Rapid advances in genomic technologies, particularly those coupled to high-throughput sequencing technologies, have revolutionized our understanding of gene expression, gene regulation, and mechanisms of human disease.9 RNA sequencing (RNA-seq) allows unbiased detection and quantification of transcriptomes using high-throughput sequencing.10,11 Beyond providing unbiased detection of transcripts, it provides information on transcript composition and abundance, including detection of novel transcripts, isoforms, alternative splice sites, allele-specific expression, and rare transcripts.11-13 RNA-seq has a low background signal and a large dynamic range, with high levels of reproducibility for both technical and biological replicates. The ability to determine detailed cellular transcriptomes has broad implications for interpreting the functional elements of the genome, revealing the molecular constituents of cells and tissues, and for understanding development and disease.

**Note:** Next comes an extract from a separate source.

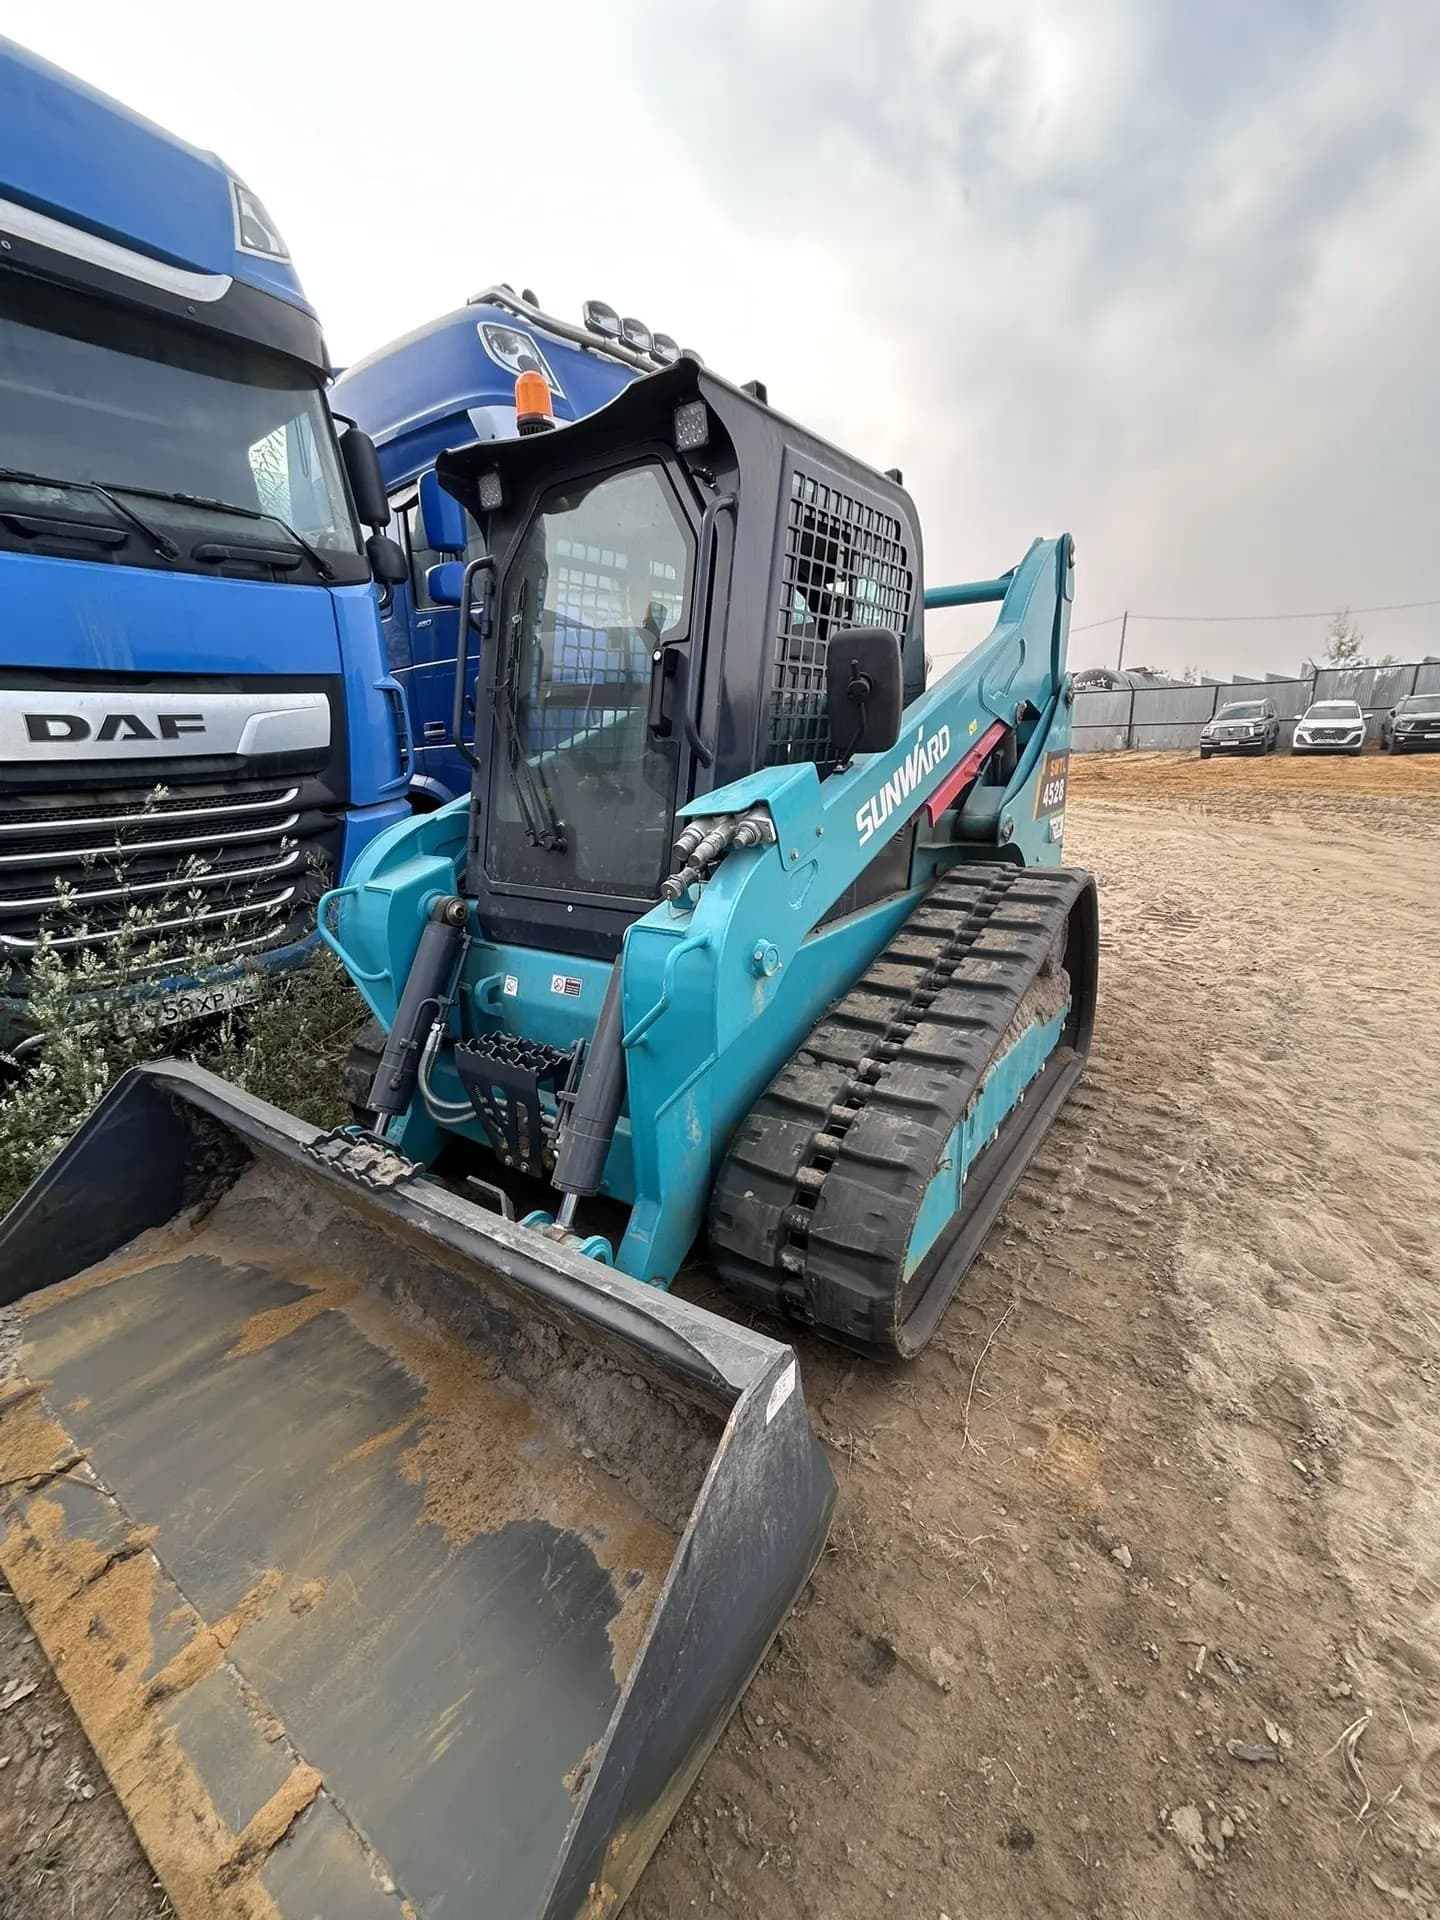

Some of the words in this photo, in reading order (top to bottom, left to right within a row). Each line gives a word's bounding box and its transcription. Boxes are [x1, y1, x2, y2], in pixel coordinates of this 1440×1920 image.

We have recently developed a fluorescence-activated cell sorting (FACS)-based method to obtain pure populations of human and murine erythroblasts at differing stages of terminal erythroid differentiation.14-16 RNA was prepared from these cells and subjected to RNA-seq analyses, creating unbiased differentiation stage–specific transcriptomes. Tight clustering of transcriptomes from differing stages validated the utility of the FACS-based isolation of erythroblasts at distinct stages of terminal differentiation. Marked differences were present between differentiation stages. Although there were many similarities, numerous differences were present between human and murine transcriptomes, with significant variation in the global patterns of gene expression. These data provide a significant resource for studies of normal and perturbed erythropoiesis, allowing a deeper understanding of mechanisms of erythroid development in various inherited and acquired erythroid disorders.

Materials and methods

Isolation of human and murine erythroblasts

CD34+ HSPCs were purified from cord blood by positive selection to a purity of 95% to 98% as described.15 A 3-phase CD34+ cell culture system was used to produce primary human erythroid cells at different stages of terminal differentiation. To obtain discrete populations of erythroid cells, a combination of cell surface markers for glycophorin A, band 3, and α4-integrin was used for FACS of cultured cells. This combination enables isolation of highly purified populations of erythroblasts at each distinct stage of terminal erythroid differentiation.15 Murine erythroblasts at distinct stages of terminal erythroid differentiation were sorted from bone marrow using TER119 antibody (anti-glycophorin A), CD44 antibody, and forward scatter (reflecting cell size) as markers.14,16

RNA isolation and preparation

RNA was prepared from primary human and murine erythroid cells for RNA-seq analyses as described.17 Quantitative real-time polymerase chain reaction (PCR) was performed to confirm expression levels of RNA transcripts (supplemental Table 1, available on the Blood Web site). Real-time PCR data were normalized as described.18

Library preparation and sequencing

RNA samples were treated with RNase-free DNase I (Takara, Otsu, Japan), quantified using a NanoDrop1000 (Thermo-Fisher, Waltham, MA), and assessed with an Agilent2100 Bioanalyzer (Agilent, Santa Clara, CA). The RNA integrity number of each sample was >9. DNA libraries were prepared according to the manufacturer’s instructions (Illumina, San Diego, CA). Each library was sequenced on the Illumina HiSeq2000 platform using a 50-bp single-end, nonstrand-specific sequencing strategy.

Data analyses

Detailed description of data analyses are provided in the supplemental Data.

Results

Cell isolation and RNA-seq

Highly purified human and murine erythroid cells corresponding to distinct stages of terminal erythroid differentiation were isolated using a recently developed FACS-based method as described. RNA was isolated from these cells and subjected to RNA-seq analyses to identify unbiased gene expression profiles across the entire transcriptome during terminal erythroid differentiation. Deep sequencing was performed on polyA+ messenger RNA (mRNA) from 3 biological replicates of each stage. Data were analyzed and subjected to quality control analyses. We analyzed transcriptomes using TopHat and Cufflinks packages generating high-confidence transcriptomes for each differentiation stage.13 Differences in levels of expression were analyzed by edgeR.19 Quantitative real-time PCR was performed to validate expression levels of representative mRNA transcripts detected by RNA-seq (supplemental Figure 1). Only annotated genes were analyzed.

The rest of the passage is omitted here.